Ola Electric, India’s leading electric scooter manufacturer, has confirmed it will lay off approximately 5 % of its workforce as part of a broader restructuring aimed at boosting operational efficiency and moving toward long-term profitability. The move marks another chapter in the company’s ongoing efforts to realign its business strategy amid mounting market pressures.
The workforce reduction translates to about 620 jobs out of 12,396 employees, according to calculations based on the company’s published employee figures. Ola Electric said the restructuring will focus on increased automation and streamlined operations to improve speed, discipline and cost discipline across its front-end activities.
A Pattern of Restructuring
This latest layoff announcement comes less than a year after Ola Electric executed an earlier round of job cuts in March 2025, which saw more than 1,000 employees and contract workers exit the organisation amid a previous push to address cost pressures. That round targeted functions across sales, distribution, and infrastructure.
Ola Electric’s current workforce reduction reflects a continuation of an internal overhaul that began as the company grappled with slipping sales, competitive pressures, and service delivery challenges. The company has also seen several senior-level departures, including the resignation of its chief financial officer, adding to internal transitions.
Why the Layoffs Now? Strategic Focus on Automation
In its public statement, Ola Electric said it is “doubling down on speed and discipline through increased automation across its front-end operations.” This suggests the company believes a leaner structure augmented by automation will help tackle operational bottlenecks and lower long-term costs.
Automation in manufacturing and service workflows can reduce reliance on manual processes, potentially smoothing out production cycles and improving consistency. For Ola Electric, which has struggled with service delivery delays and registration backlogs, this shift could help sharpen competitiveness.

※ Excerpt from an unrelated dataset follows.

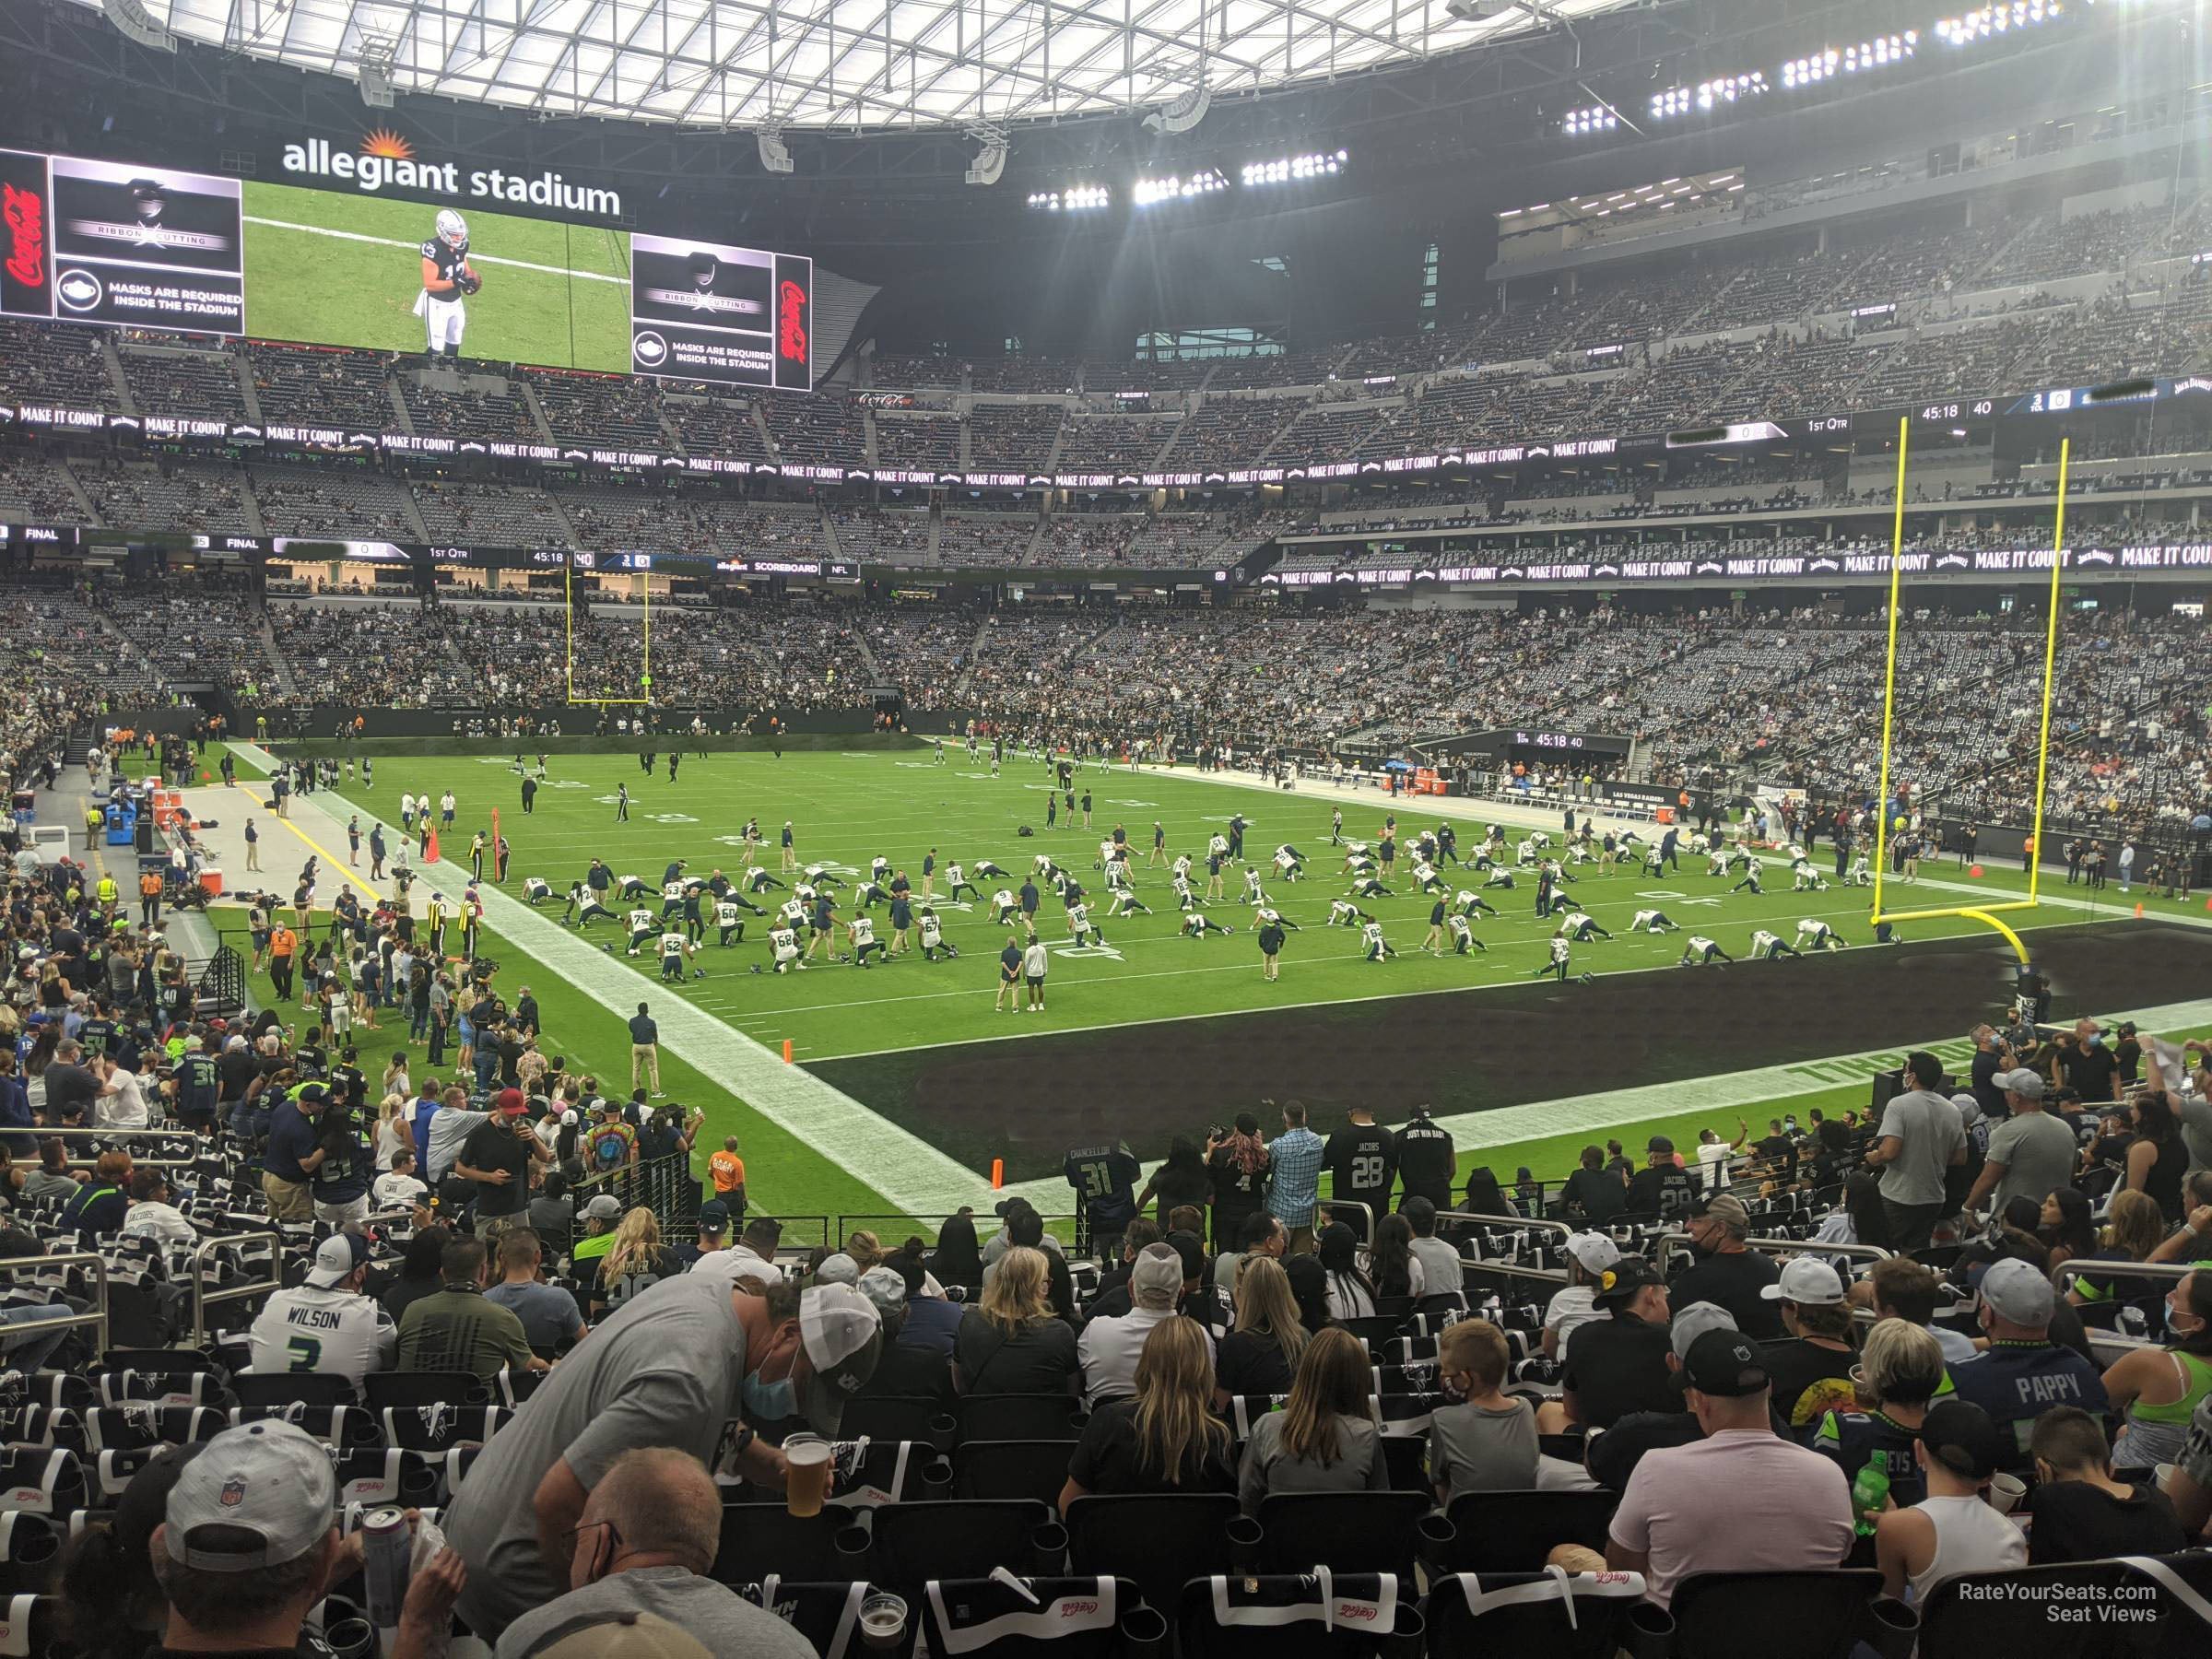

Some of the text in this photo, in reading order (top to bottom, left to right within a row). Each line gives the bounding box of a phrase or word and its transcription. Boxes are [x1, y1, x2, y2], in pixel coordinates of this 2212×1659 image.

The company also reiterated its focus on improving customer experience, noting that same-day resolution is now being delivered for over 80 % of service requests nationwide. While this is a positive improvement, it also highlights how far Ola is willing to go to rebuild customer trust.
Market Share Decline and Competitive Challenges
Ola Electric’s restructuring unfolds against a backdrop of slowing sales and eroding market share. Industry data shows the company’s share in India’s electric two-wheeler segment has dropped sharply from being a dominant player to holding only a fraction of the market amidst fierce competition.
In January 2026 alone, retail registrations for Ola Electric scooters remained below 10,000 units for the third consecutive month, underscoring demand challenges and intensifying rivalry from rivals such as Ather Energy, TVS Motor Company and Bajaj Auto. Competitors have outpaced Ola in recent months, highlighting the growing gap in sales momentum.
The result has been a rapid loss of market position. In January 2025, Ola Electric commanded a healthy share of the electric scooter market, but by 2026 that has shrunk significantly in some reports to single-digit percentages as rivals expanded their distribution networks and rolled out popular products.
Ola Electric has yet to post consistent profitability, and its financial results have reflected volatility alongside operational challenges. For example, the company reported that net losses narrowed in some quarters but accompanied a sharp decline in revenue and unit sales, highlighting the difficulty of balancing growth with profitability.
Analysts attribute the slump in part to early service and registration issues that discouraged buyers and slowed growth. These systemic issues can have lasting effects, particularly in a nascent market where customer confidence is critical.
The company’s share performance mirrors these pressures: since its market debut in August 2024, its stock has faced steep declines falling more than 50 % as investor sentiment waned in the face of sales and execution setbacks.
In January 2026, Ola Electric also appointed a new Chief Financial Officer, signaling a shift in financial leadership amid these structural changes. Deepak Rastogi succeeded Harish Abichandani, who departed citing personal reasons. Leadership transitions at the top can influence how companies navigate cost-reduction efforts and strategic realignments.
Such changes come at a critical juncture, as the company seeks to balance ambitious long-term goals including expanded manufacturing and potential new product initiatives with near-term imperatives to improve operational efficiency and cash flow.
Ola Electric’s layoffs are part of a broader narrative in India’s electric vehicle sector, where demand dynamics, product differentiation and service networks critically shape outcomes. Legacy manufacturers with strong dealer networks and brand trust such as TVS and Bajaj have gained ground against newer entrants.
Moreover, companies that have focused on product refinement and after-sales support have seen better traction. The competitive environment has intensified as consumer expectations evolve, punishing firms slower to address service quality, reliability and overall ownership experience.
Ola’s decision to cut around 5 % of its workforce underscores a painful but arguably necessary recalibration. By reducing staff and doubling down on automation, the company aims to build a leaner cost structure and sharpen its operational focus vital steps for long-term survival in a crowded EV market.
However, the layoffs also highlight the challenges of scaling aggressively in a fast-evolving industry, where market share can shift quickly and operational missteps can have lasting consequences. Whether these changes will help Ola regain momentum remains uncertain, but the company’s leadership is clearly repositioning the firm to weather current headwinds and pursue future opportunities.